EXERCISE GOAL: Reproduce verbatim only the line that holds "this 2000×1333 image." and the lines that follow it to the end of the listing.

□ □ □

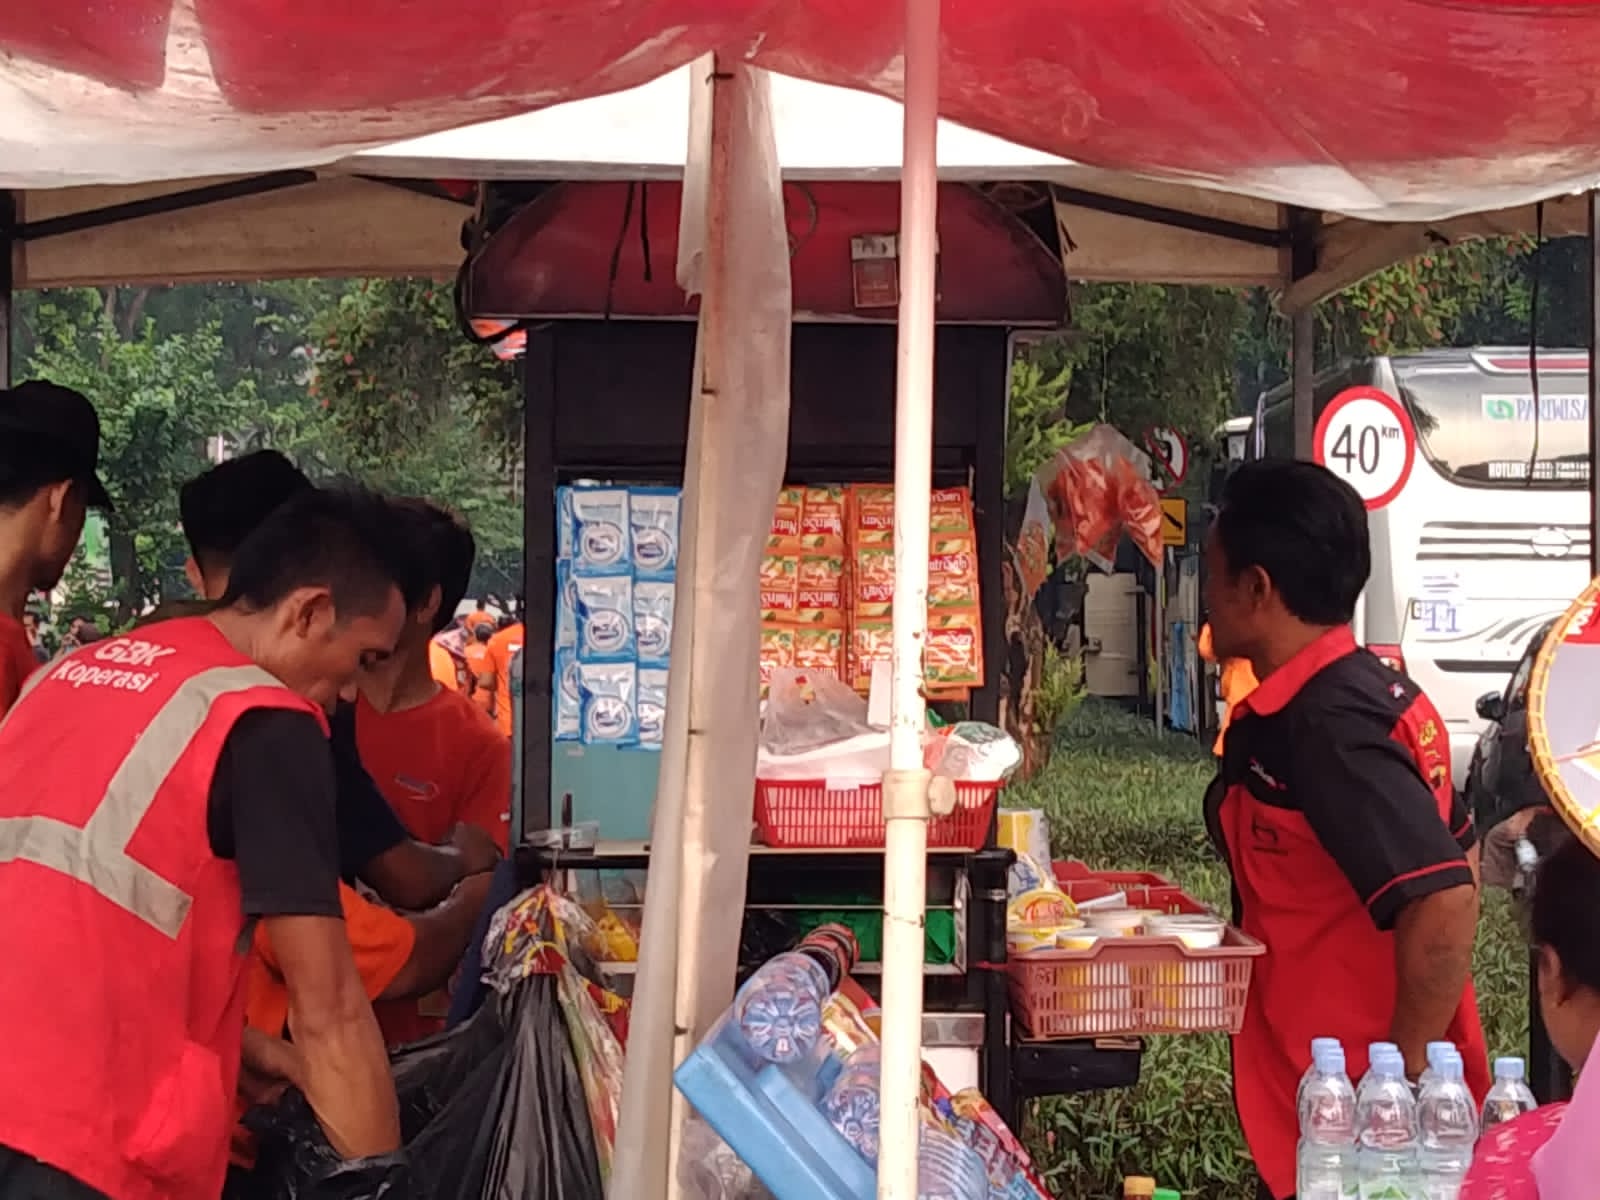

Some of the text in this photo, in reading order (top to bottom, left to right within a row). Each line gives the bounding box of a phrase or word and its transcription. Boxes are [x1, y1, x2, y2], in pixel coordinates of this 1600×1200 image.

[1331, 424, 1399, 474] 40 km
[95, 638, 177, 666] GBK
[50, 659, 160, 692] Koperasi
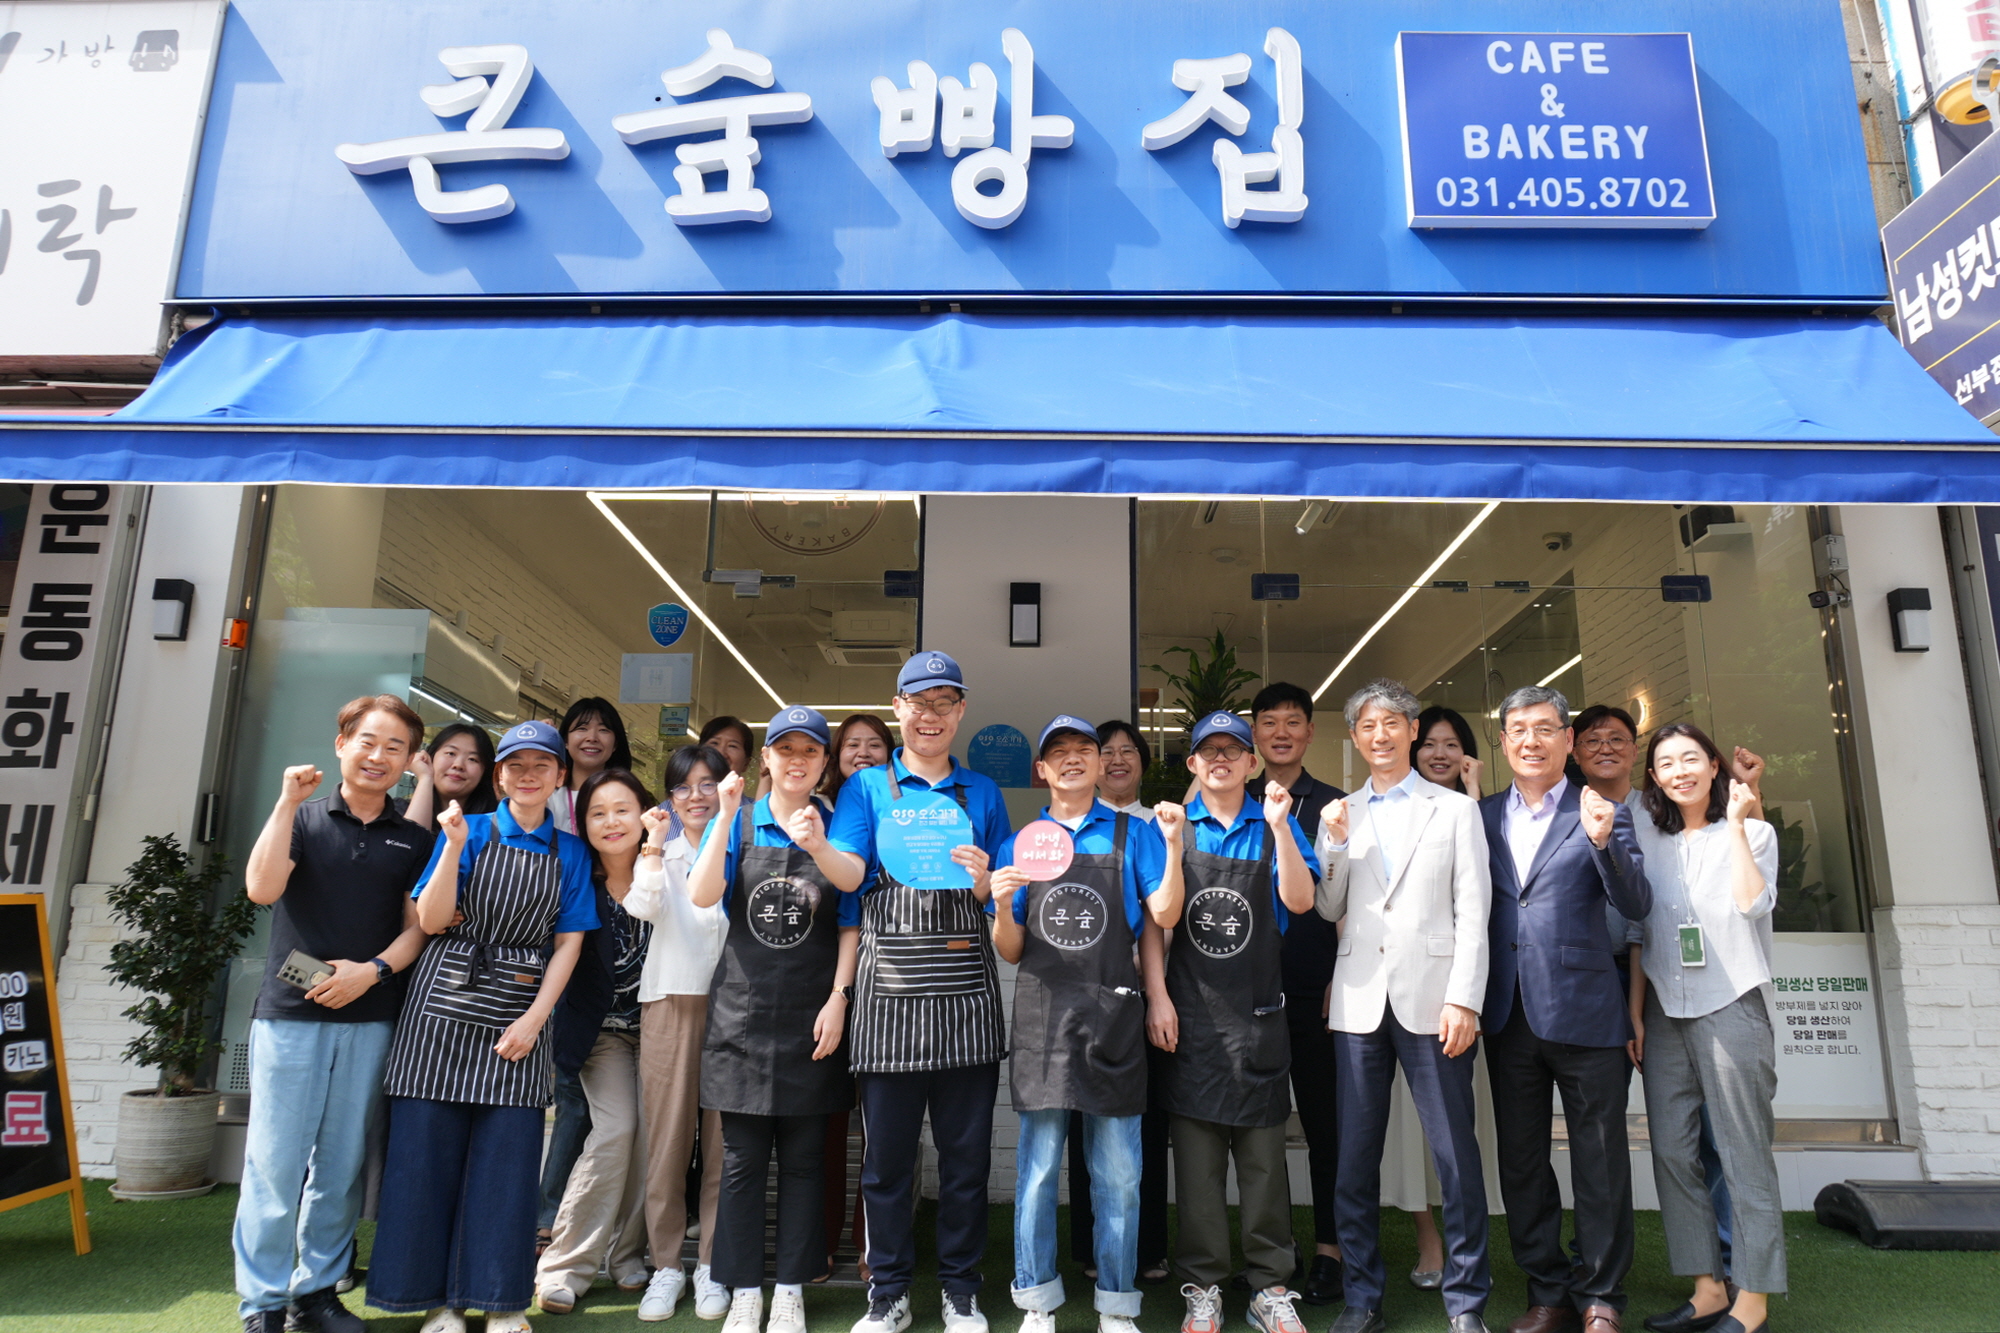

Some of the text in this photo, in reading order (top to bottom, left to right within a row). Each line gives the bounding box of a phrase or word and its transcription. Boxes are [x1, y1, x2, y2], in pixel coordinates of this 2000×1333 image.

[36, 34, 116, 69] 가방
[1486, 40, 1610, 75] CAFE
[1540, 82, 1566, 119] &
[1462, 123, 1649, 160] BAKERY
[1436, 176, 1690, 210] 031.405.8702
[1899, 214, 2000, 345] 남성컷
[651, 616, 685, 625] CLEAN
[655, 625, 679, 635] ZONE
[1047, 887, 1100, 905] BIGFOREST
[1194, 891, 1247, 912] BIGFOREST
[1816, 977, 1869, 992] 당일판매
[1775, 1000, 1816, 1011] 방부제를
[1841, 1000, 1863, 1011] 않아
[1786, 1015, 1851, 1026] 당일 생산하여
[1793, 1029, 1848, 1041] 당일 판매를
[1783, 1044, 1862, 1055] 원칙으로 합니다.

□ □ □

SOLUTION TO THIS TASK:
Some of the text in this photo, in reading order (top to bottom, left to right within a row). Each line gives the bounding box of a phrase or word and its transcription. Boxes are [x1, y1, x2, y2], in pixel coordinates of this 2000×1333 image.

[36, 34, 116, 69] 가방
[1486, 40, 1610, 75] CAFE
[1540, 82, 1566, 119] &
[1462, 123, 1649, 160] BAKERY
[1436, 176, 1690, 210] 031.405.8702
[1899, 214, 2000, 345] 남성컷
[651, 616, 685, 625] CLEAN
[655, 625, 679, 635] ZONE
[1047, 887, 1100, 905] BIGFOREST
[1194, 891, 1247, 912] BIGFOREST
[1816, 977, 1869, 992] 당일판매
[1775, 1000, 1816, 1011] 방부제를
[1841, 1000, 1863, 1011] 않아
[1786, 1015, 1851, 1026] 당일 생산하여
[1793, 1029, 1848, 1041] 당일 판매를
[1783, 1044, 1862, 1055] 원칙으로 합니다.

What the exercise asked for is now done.